Work instructions >> Repeat the full listing below verbatim and keep the images out.

──────── Dataset entries

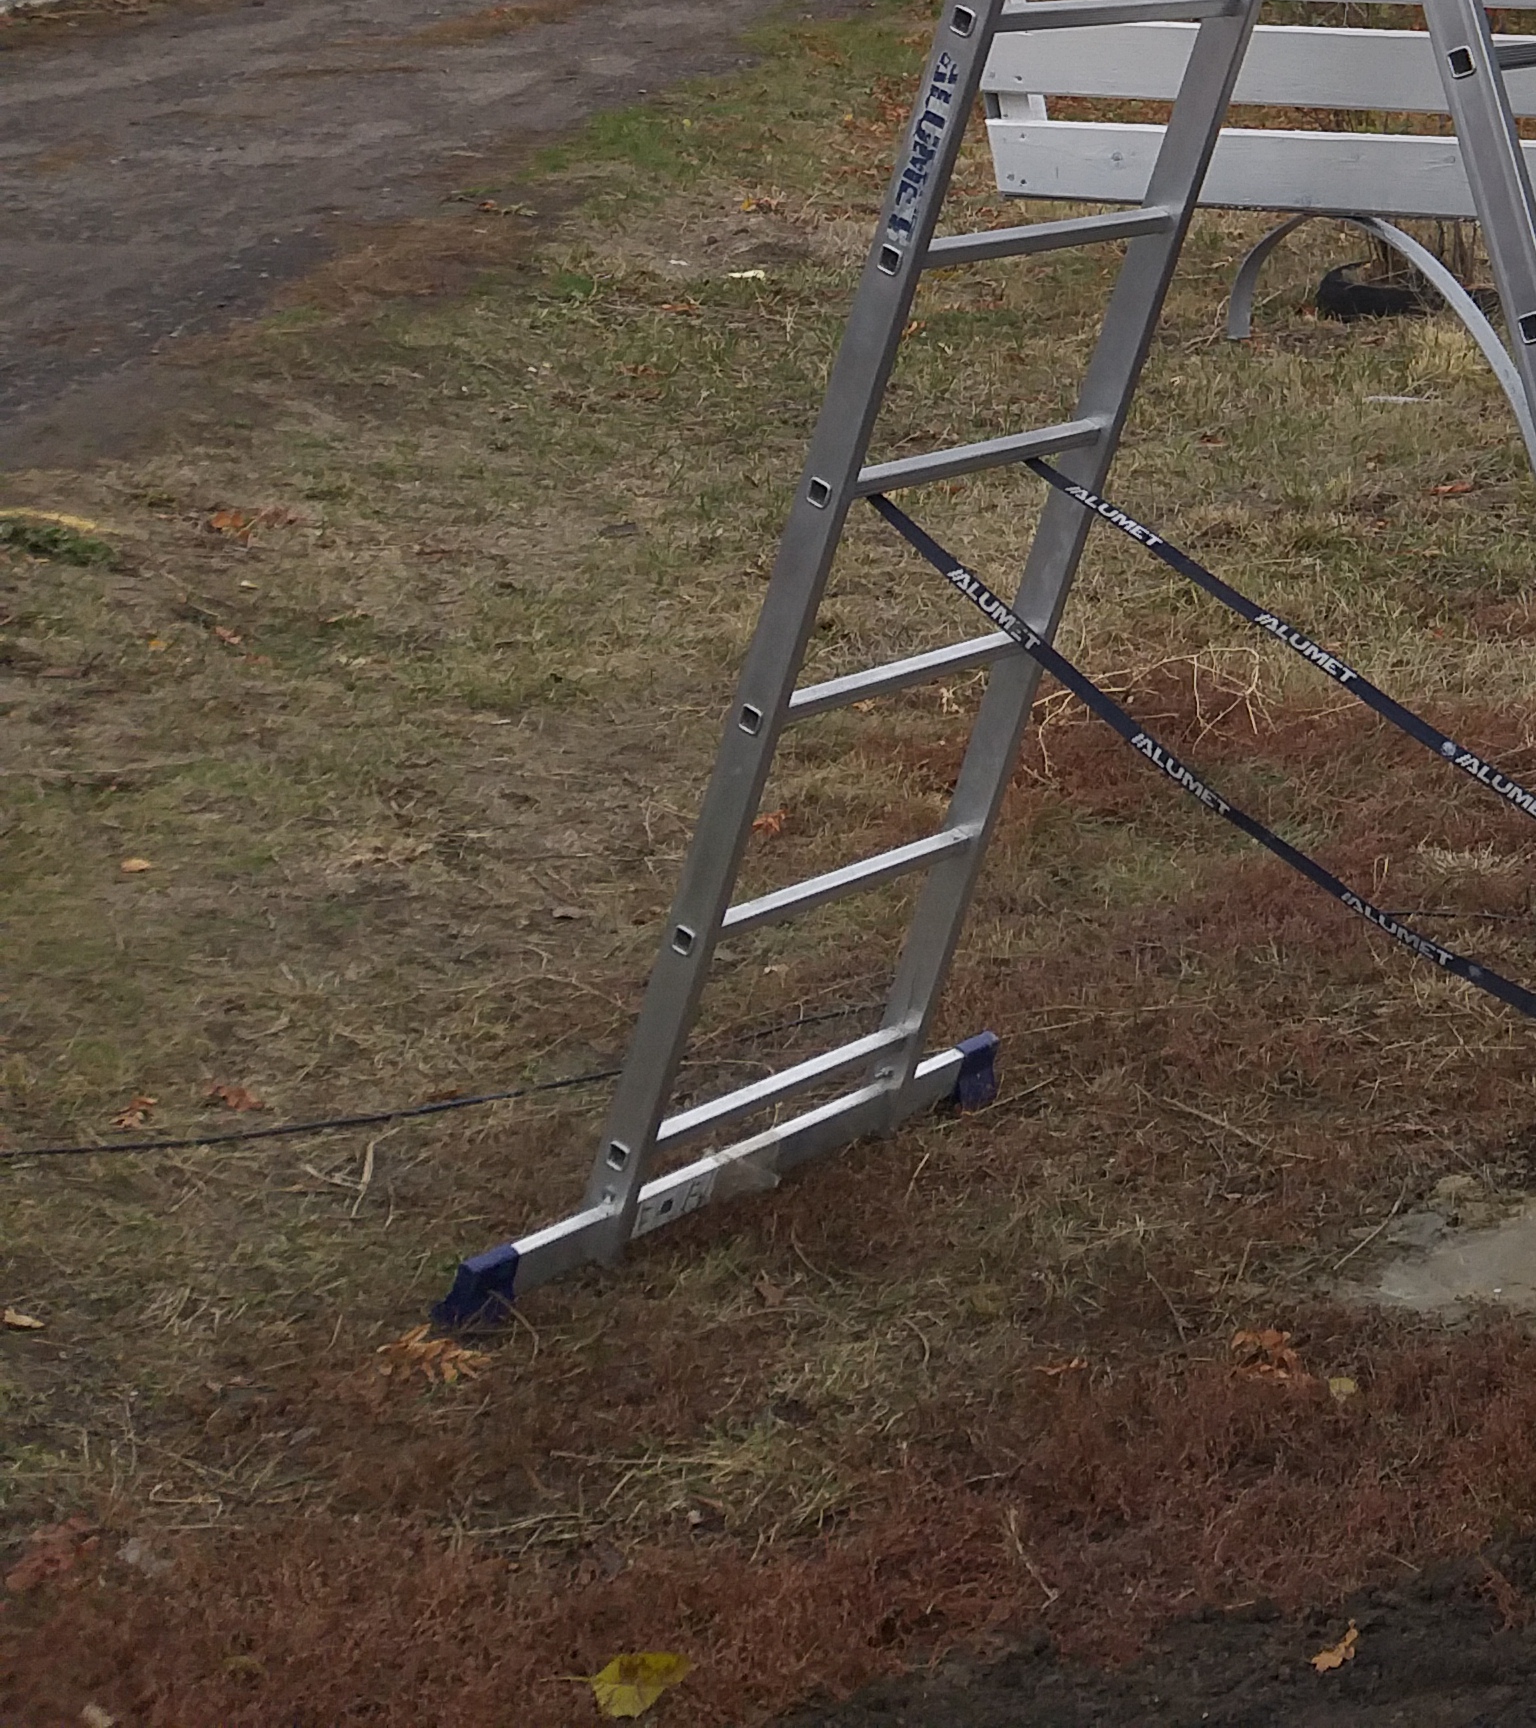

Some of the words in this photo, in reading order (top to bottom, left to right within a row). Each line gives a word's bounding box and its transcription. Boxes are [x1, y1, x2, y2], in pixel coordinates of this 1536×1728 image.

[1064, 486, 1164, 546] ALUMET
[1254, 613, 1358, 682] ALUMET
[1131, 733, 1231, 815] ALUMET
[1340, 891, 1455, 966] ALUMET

────────────────

Worked solution >>
Some of the words in this photo, in reading order (top to bottom, left to right within a row). Each line gives a word's bounding box and its transcription. Boxes are [x1, y1, x2, y2], in pixel coordinates of this 1536×1728 image.

[1064, 486, 1164, 546] ALUMET
[1254, 613, 1358, 682] ALUMET
[1131, 733, 1231, 815] ALUMET
[1340, 891, 1455, 966] ALUMET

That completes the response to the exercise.